I want to share my experience here. I stopped all of my Incognito dockers, and followed 3rd (infura account) and 4th (run.sh script) steps here (How to host a Virtual Node). My vNodes run flawlessly (no stall, no offline) for at least 3 days.
@Josh_Hamon@zes333 My pNodes finally resynced the beacon chain (third time’s the charm, I guess) and have started syncing Shard 0. The Shard 0 blockheight for each is currently above 900,000.
These two are each on 20210622_1:
@abduraman Didn’t need to make changes to scripts or config parameters (not that I could even if I wanted to – these are pNodes).
@Mike_Wagner I agree with you. My experience sharing was not an answer to the concerns about pNodes above. I wrote here since the topic title writes “… Multiple vNodes”.

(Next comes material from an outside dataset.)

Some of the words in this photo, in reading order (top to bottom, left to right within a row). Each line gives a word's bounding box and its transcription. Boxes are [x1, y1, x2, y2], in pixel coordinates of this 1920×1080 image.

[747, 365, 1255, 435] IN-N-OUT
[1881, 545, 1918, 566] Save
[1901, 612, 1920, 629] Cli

Yeah, I run multiple nodes on the same infura. I recently changed to a node.js script managing my validators, but I still have an old shell script that runs two nodes on the same machine. It looks a lot like your script, but yours is cleaner, because I didn’t think of looping through array keys instead of values.
i=0
for validator_key in "${validators[@]}"; do
rpc_port=$(($first_rpc_port + i))
node_port=$(($first_node_port + i))
i=$((i+1))
data_dir=${DATA_DIR}/node_$i
echo "Starting inc_validator_$i container on $node_port (RPC $rpc_port)"
set -x
docker run --restart=always --net inc_net -p $node_port:$node_port -p $rpc_port:$rpc_port \
-e NODE_PORT=$node_port -e RPC_PORT=$rpc_port -e BOOTNODE_IP=$bootnode \
-e GETH_NAME=$geth_name -e GETH_PROTOCOL= -e GETH_PORT= -e FULLNODE= \
-e MININGKEY=${validator_key} -e TESTNET=false -e LIMIT_FEE=1 \
-v ${data_dir}:/data -d --name inc_validator_$i incognitochain/incognito-mainnet:${latest_tag}
set +x
done
}
Don’t forget to set the empty -e GETH_PROTOCOL= -e GETH_PORT= because it will append the default values if it’s not set at all and end up with http://https://mainnet.infura.io/v3/a1b2c3...:8545. It’s quite an ugly piece of code with no checks.

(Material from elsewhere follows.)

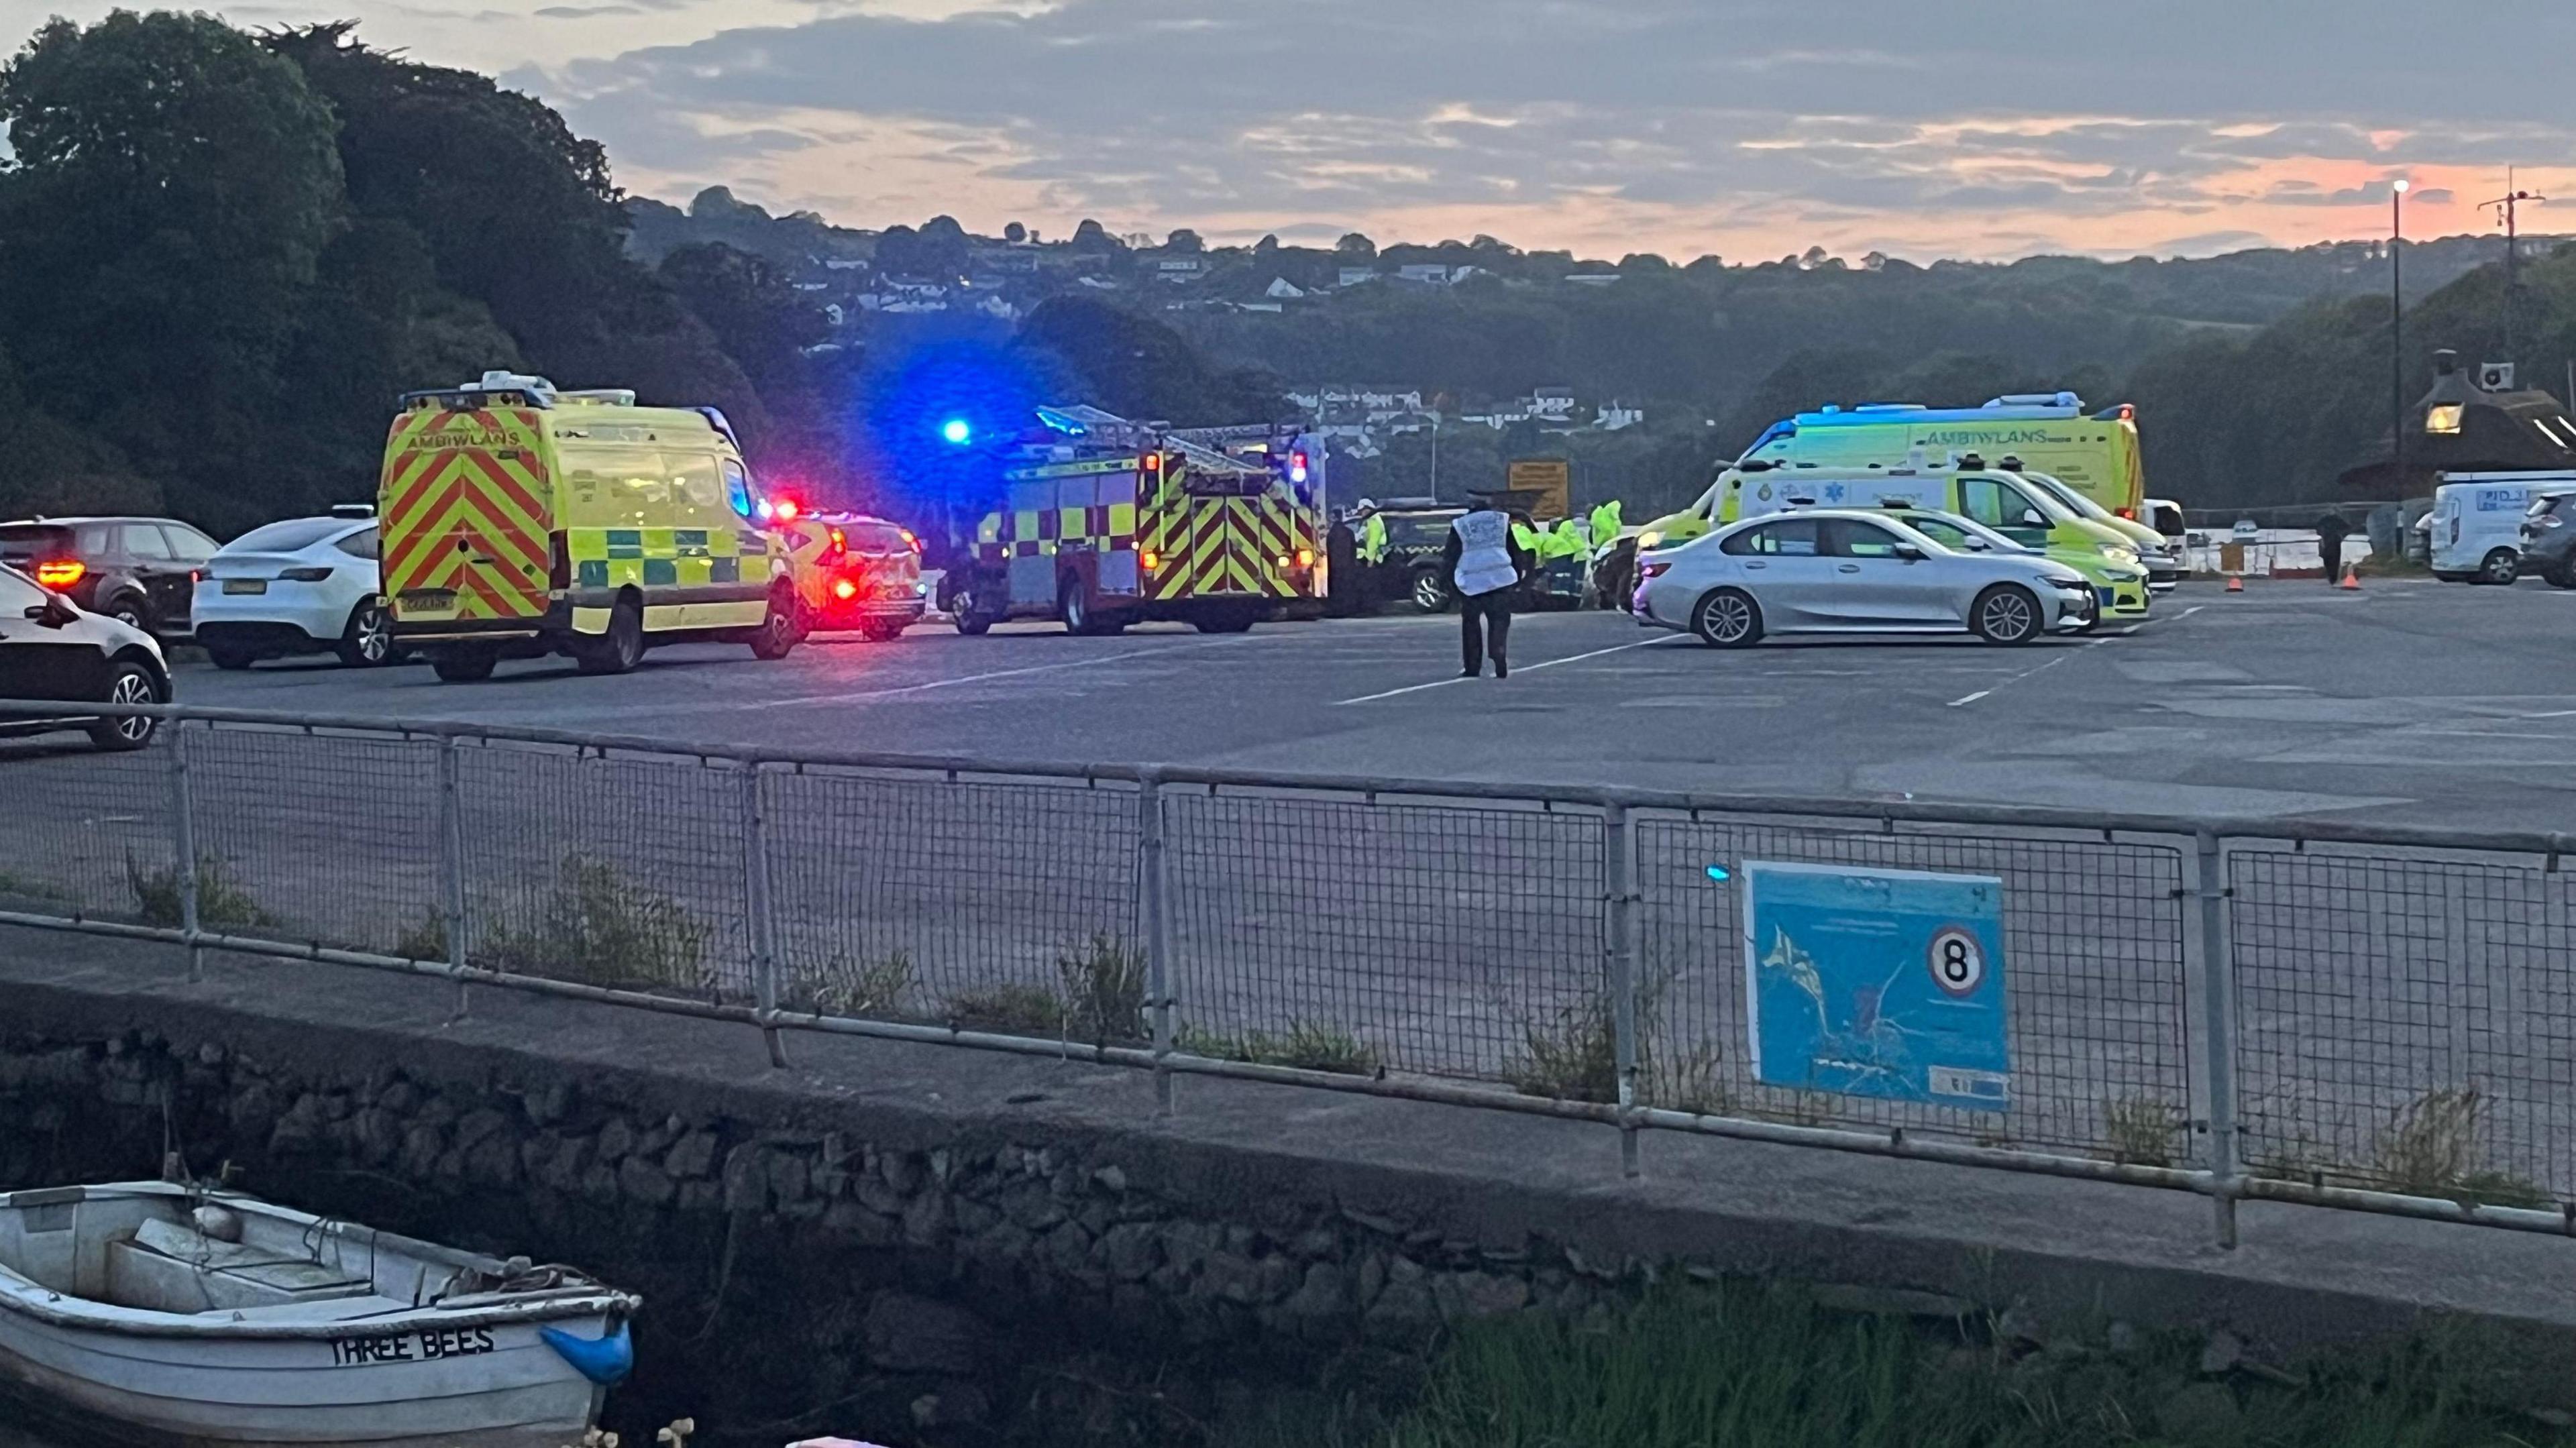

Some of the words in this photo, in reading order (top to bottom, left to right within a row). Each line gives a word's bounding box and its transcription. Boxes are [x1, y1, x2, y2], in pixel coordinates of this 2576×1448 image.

[407, 432, 521, 449] AMBIWLANS
[1944, 939, 1968, 982] 8
[333, 1335, 413, 1366] THREE
[420, 1327, 494, 1358] BEES

I forked this from @mesquka, so I’m not 100% but I think it might have been intended as -it -d? Per a quick search:
"
docker run -it -d --name container_name image_name bash
The above command will create a new container with the specified name from the specified docker image. The container name is optional.
The -i option means that it will be interactive mode (you can enter commands to it)
The -t option gives you a terminal (so that you can use it as if you used ssh to enter the container).
The -d option (daemon mode) keeps the container running in the background.
bash is the command it runs.
"
Though think combining all three options into one flag isn’t an issue here.
I don’t have -e GETH_PROTOCOL= -e GETH_PORT= but will give that a try.
UPDATE: Still seeing if shard syncing will make it past the roadblock but with @fredlee’s change I’m already seeing calls to infura, so I’m hopeful.
UPDATE: On Shard0 I’m past the roadblock by adding in the code suggested above. This is using the forked script I mentioned above and the image from 06/26. Later today I’ll work on trying it with other nodes.